━━━ DATA RECORDS ━━━

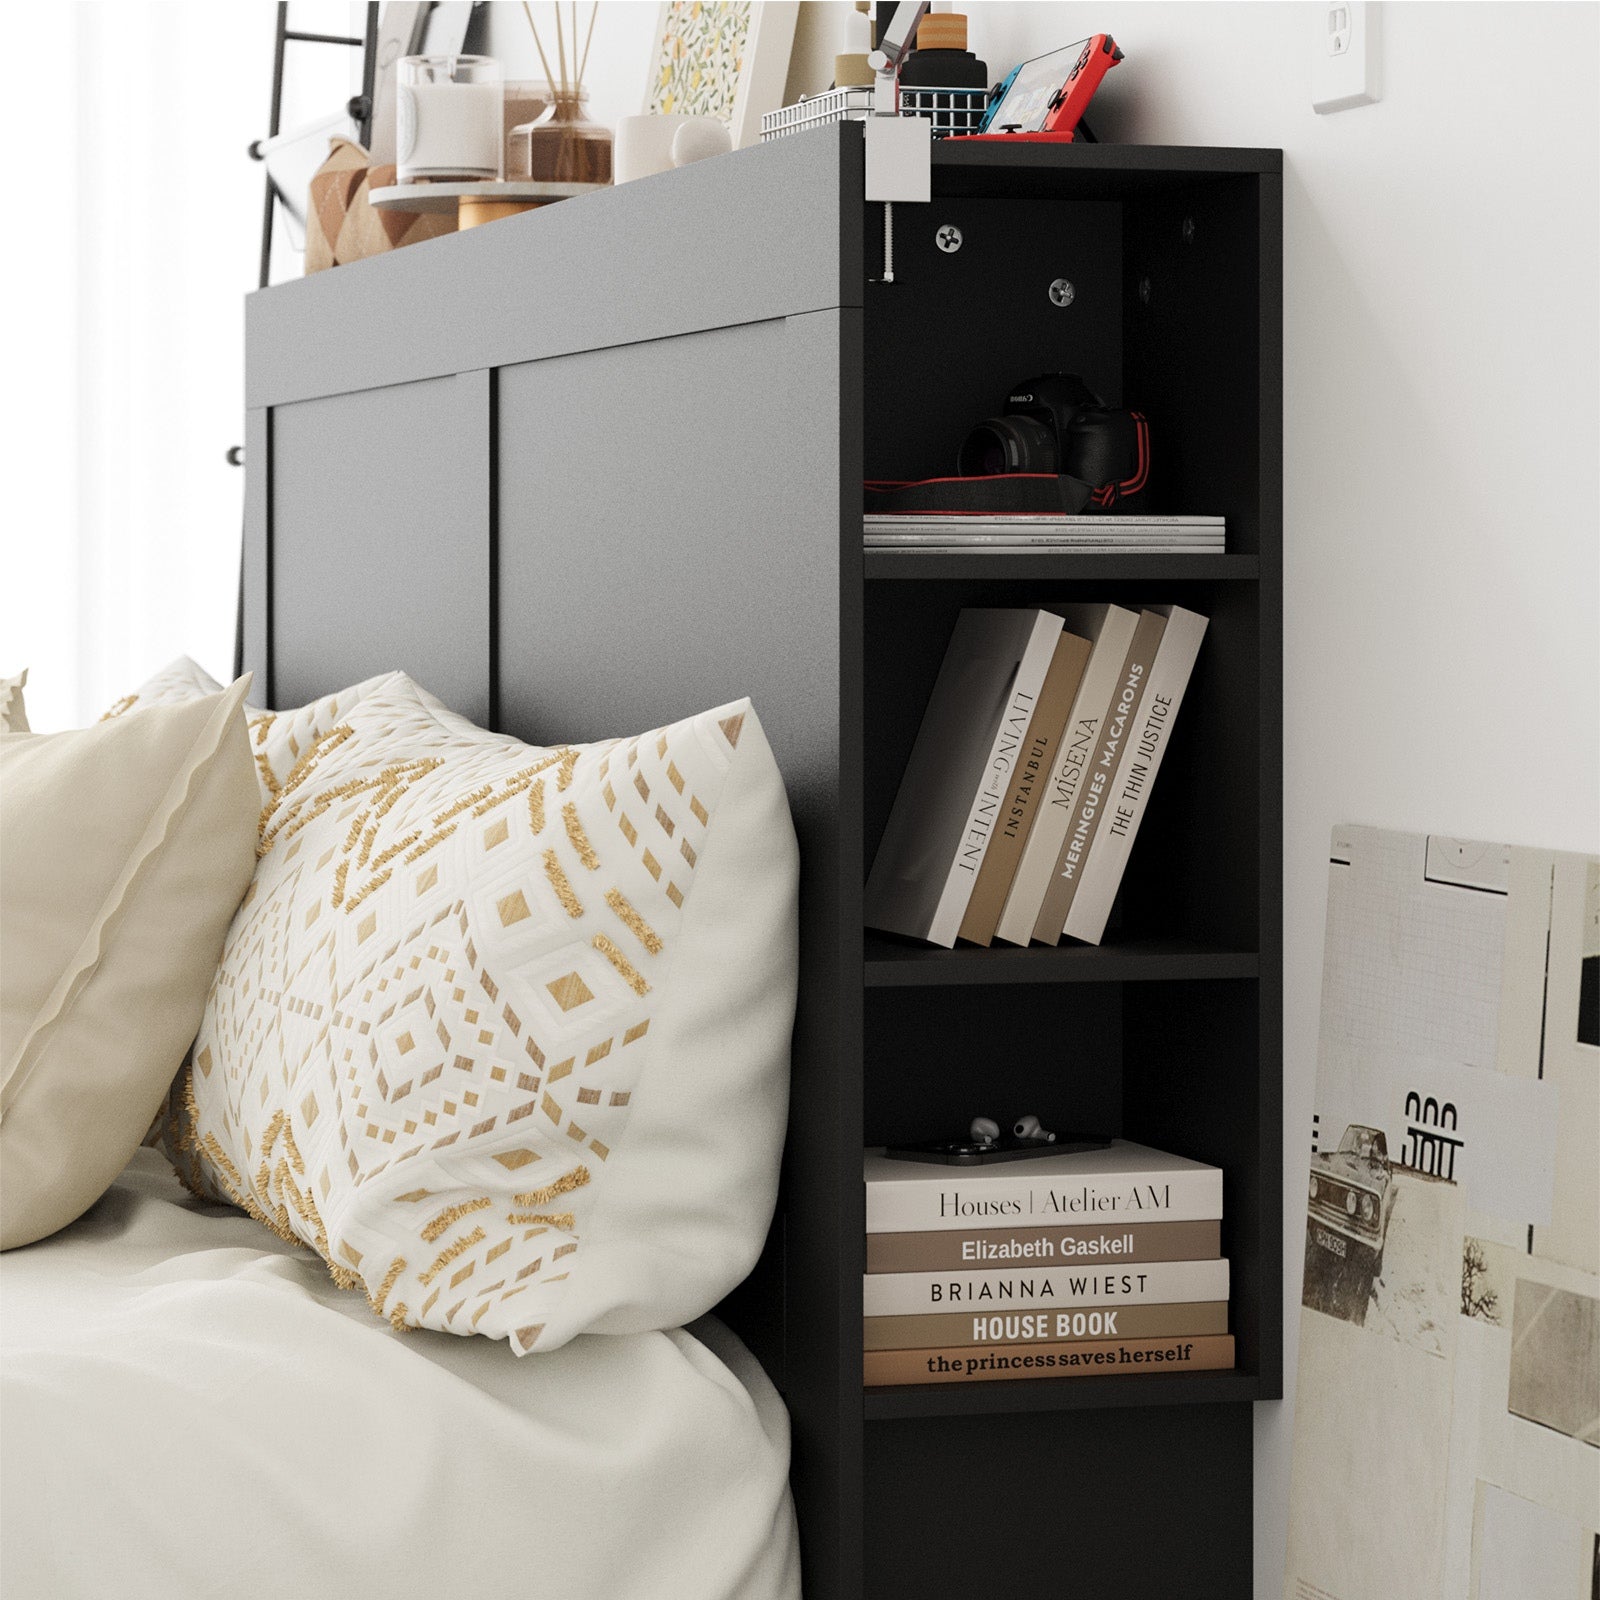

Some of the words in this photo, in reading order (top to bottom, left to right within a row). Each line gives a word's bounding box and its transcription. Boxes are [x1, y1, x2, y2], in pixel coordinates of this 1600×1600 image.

[993, 692, 1033, 773] LIVING
[1052, 717, 1098, 810] MÍSENA
[1061, 772, 1107, 879] MERINGUES
[1100, 663, 1143, 767] MACARONS
[1110, 808, 1134, 837] THE
[1122, 763, 1148, 801] THIN
[1138, 694, 1172, 761] JUSTICE
[1004, 736, 1048, 838] INSTANBUL
[959, 791, 1000, 875] INTENT
[939, 1192, 1022, 1217] Houses
[1041, 1187, 1121, 1214] Atelier
[1125, 1184, 1171, 1210] AM
[962, 1237, 1054, 1260] Elizabeth
[1060, 1234, 1134, 1256] Gaskell
[931, 1279, 1055, 1302] BRIANNA
[1069, 1275, 1148, 1296] WIEST
[973, 1315, 1048, 1341] HOUSE
[1056, 1311, 1118, 1337] BOOK
[927, 1356, 963, 1373] the
[966, 1353, 1055, 1375] princess
[1058, 1349, 1116, 1366] saves
[1118, 1344, 1193, 1364] herself
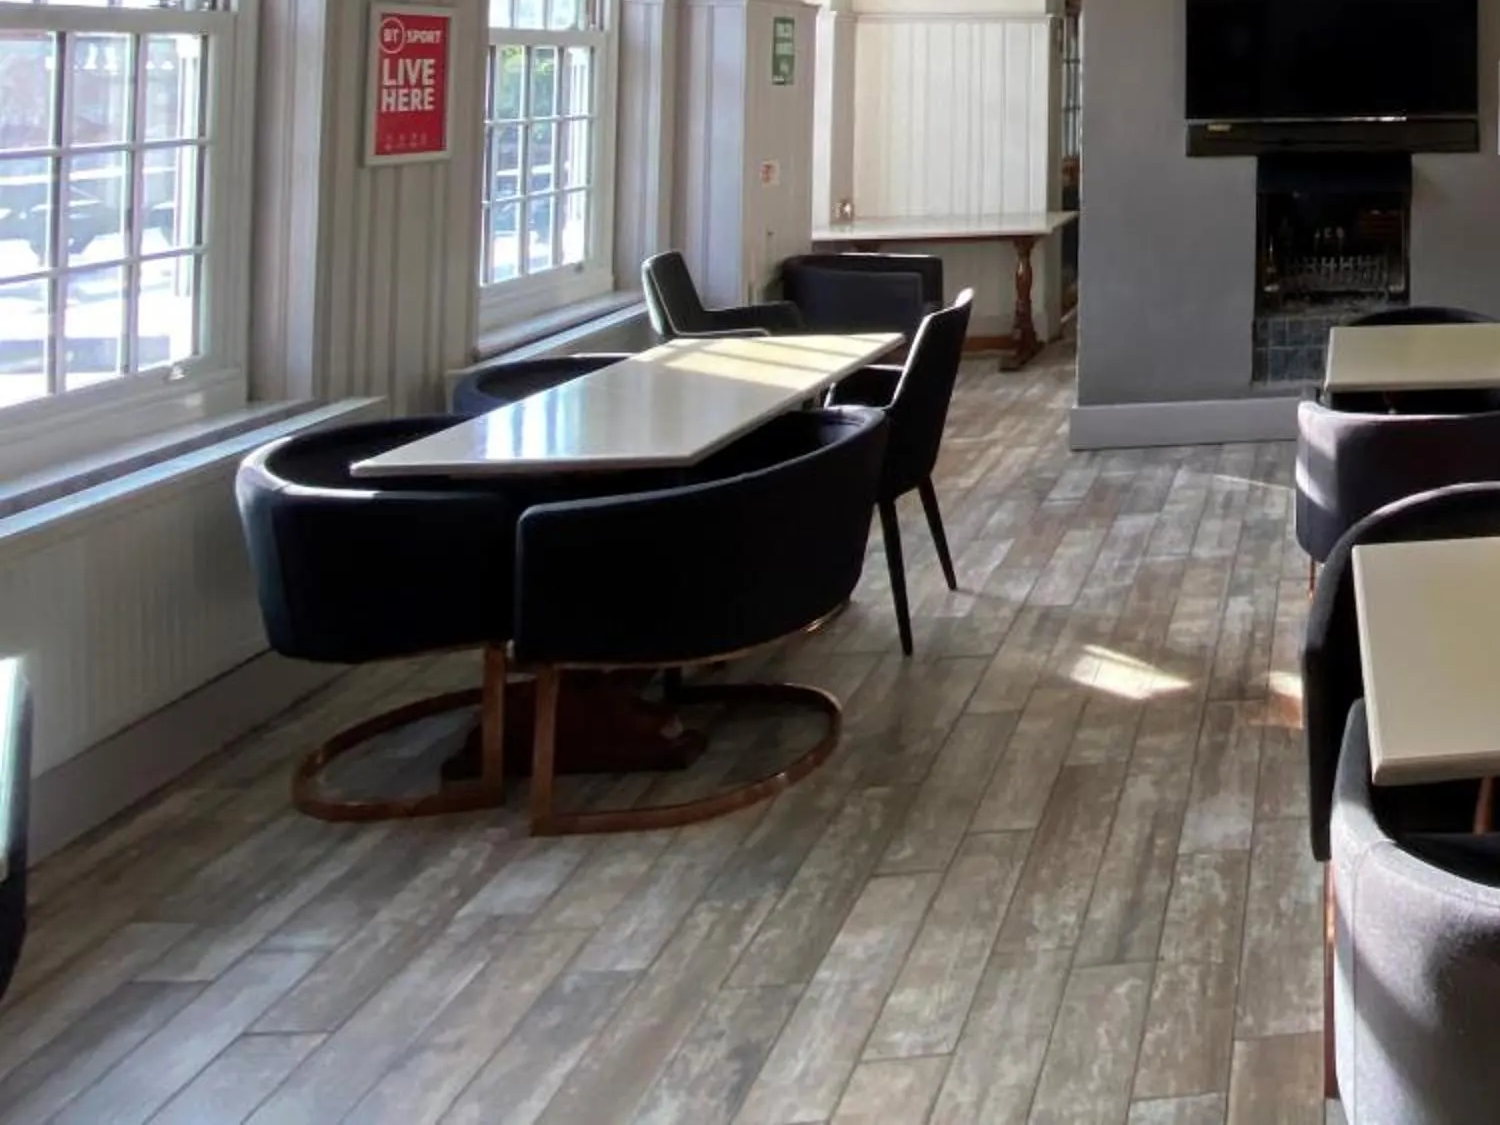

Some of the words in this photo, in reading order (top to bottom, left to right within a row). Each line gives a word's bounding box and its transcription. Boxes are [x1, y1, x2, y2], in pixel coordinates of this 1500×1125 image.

[405, 30, 442, 44] SPORT
[382, 58, 436, 86] LIVE
[381, 88, 436, 113] HERE
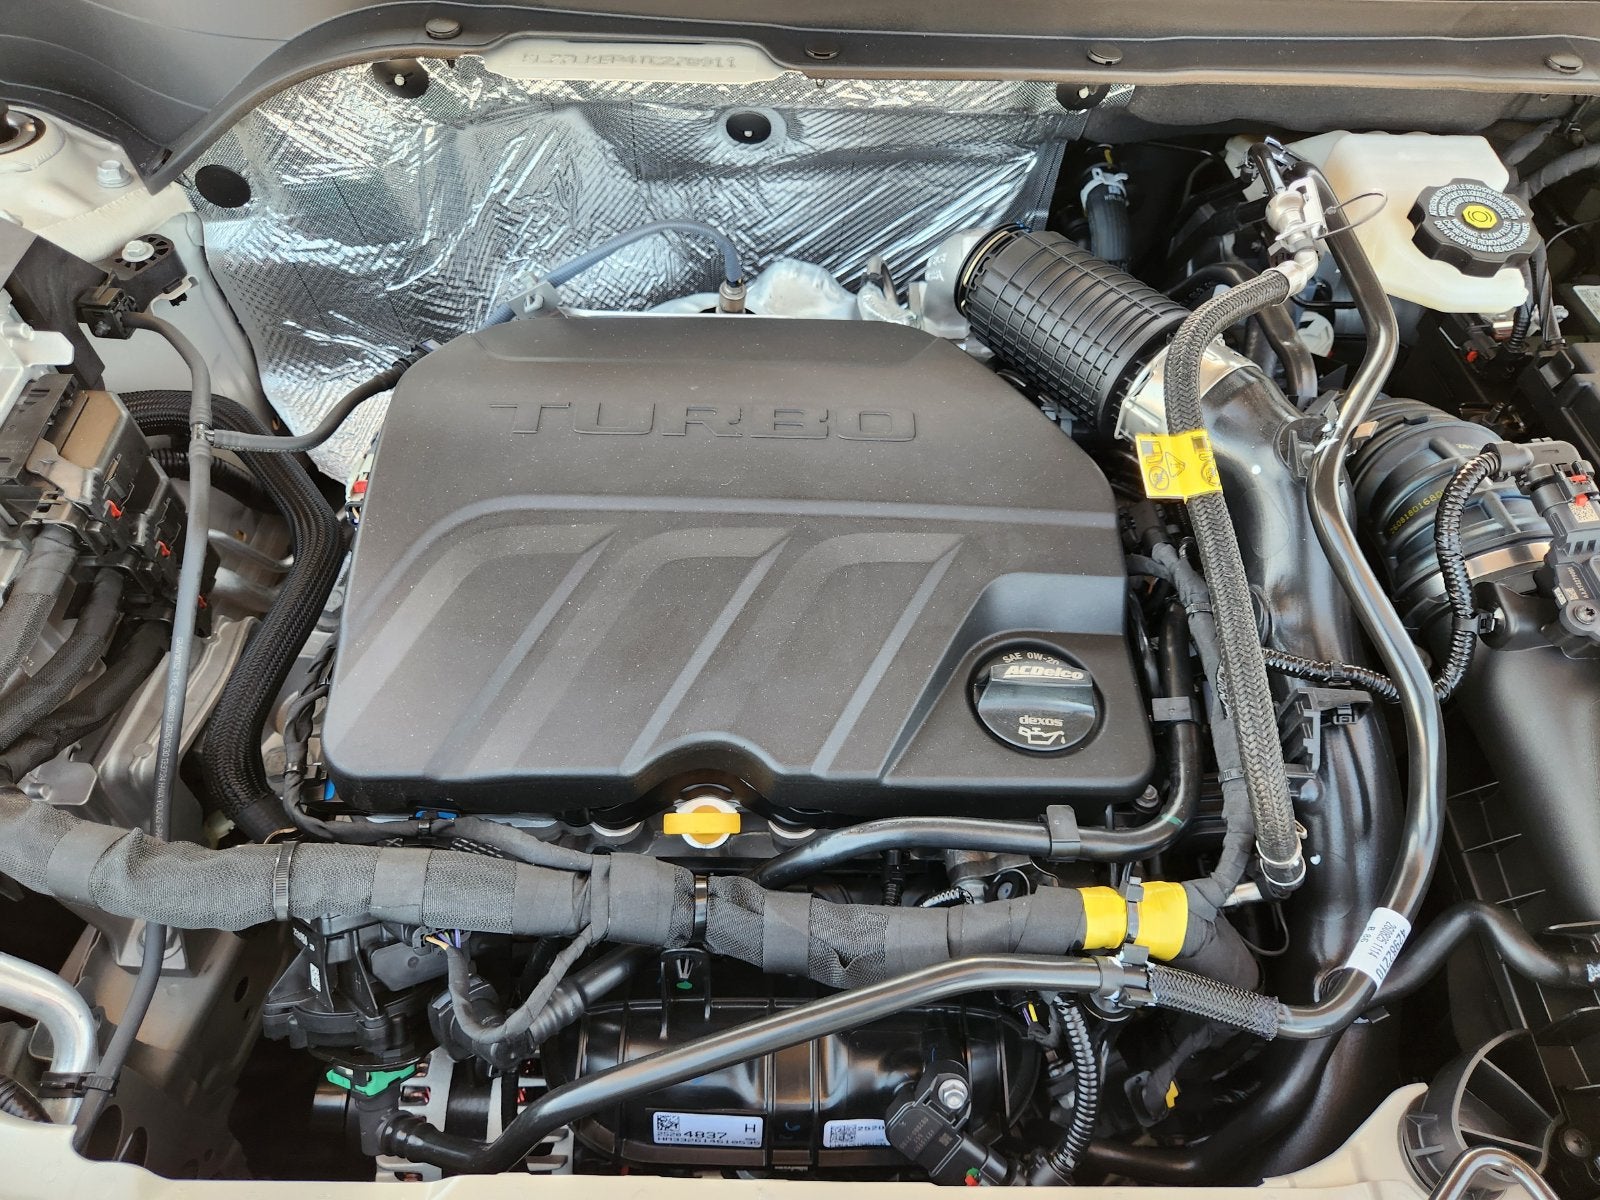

━━━

EXERCISE PROMPT: Copy each record exactly. Leave any images out of the copy.

ANSWER TO THIS EXERCISE:
Some of the words in this photo, in reading order (top to bottom, left to right within a row). Each line gives a word's bounding box and its transcription. Boxes are [x1, y1, x2, y2], in pixel coordinates of this 1600×1600 image.

[993, 692, 1033, 773] LIVING
[1052, 717, 1098, 810] MÍSENA
[1061, 772, 1107, 879] MERINGUES
[1100, 663, 1143, 767] MACARONS
[1110, 808, 1134, 837] THE
[1122, 763, 1148, 801] THIN
[1138, 694, 1172, 761] JUSTICE
[1004, 736, 1048, 838] INSTANBUL
[959, 791, 1000, 875] INTENT
[939, 1192, 1022, 1217] Houses
[1041, 1187, 1121, 1214] Atelier
[1125, 1184, 1171, 1210] AM
[962, 1237, 1054, 1260] Elizabeth
[1060, 1234, 1134, 1256] Gaskell
[931, 1279, 1055, 1302] BRIANNA
[1069, 1275, 1148, 1296] WIEST
[973, 1315, 1048, 1341] HOUSE
[1056, 1311, 1118, 1337] BOOK
[927, 1356, 963, 1373] the
[966, 1353, 1055, 1375] princess
[1058, 1349, 1116, 1366] saves
[1118, 1344, 1193, 1364] herself

Some of the words in this photo, in reading order (top to bottom, left to right within a row). Each line gives a word's bounding box and its transcription. Boxes are [x1, y1, x2, y2], in pixel coordinates of this 1500×1125 image.

[405, 30, 442, 44] SPORT
[382, 58, 436, 86] LIVE
[381, 88, 436, 113] HERE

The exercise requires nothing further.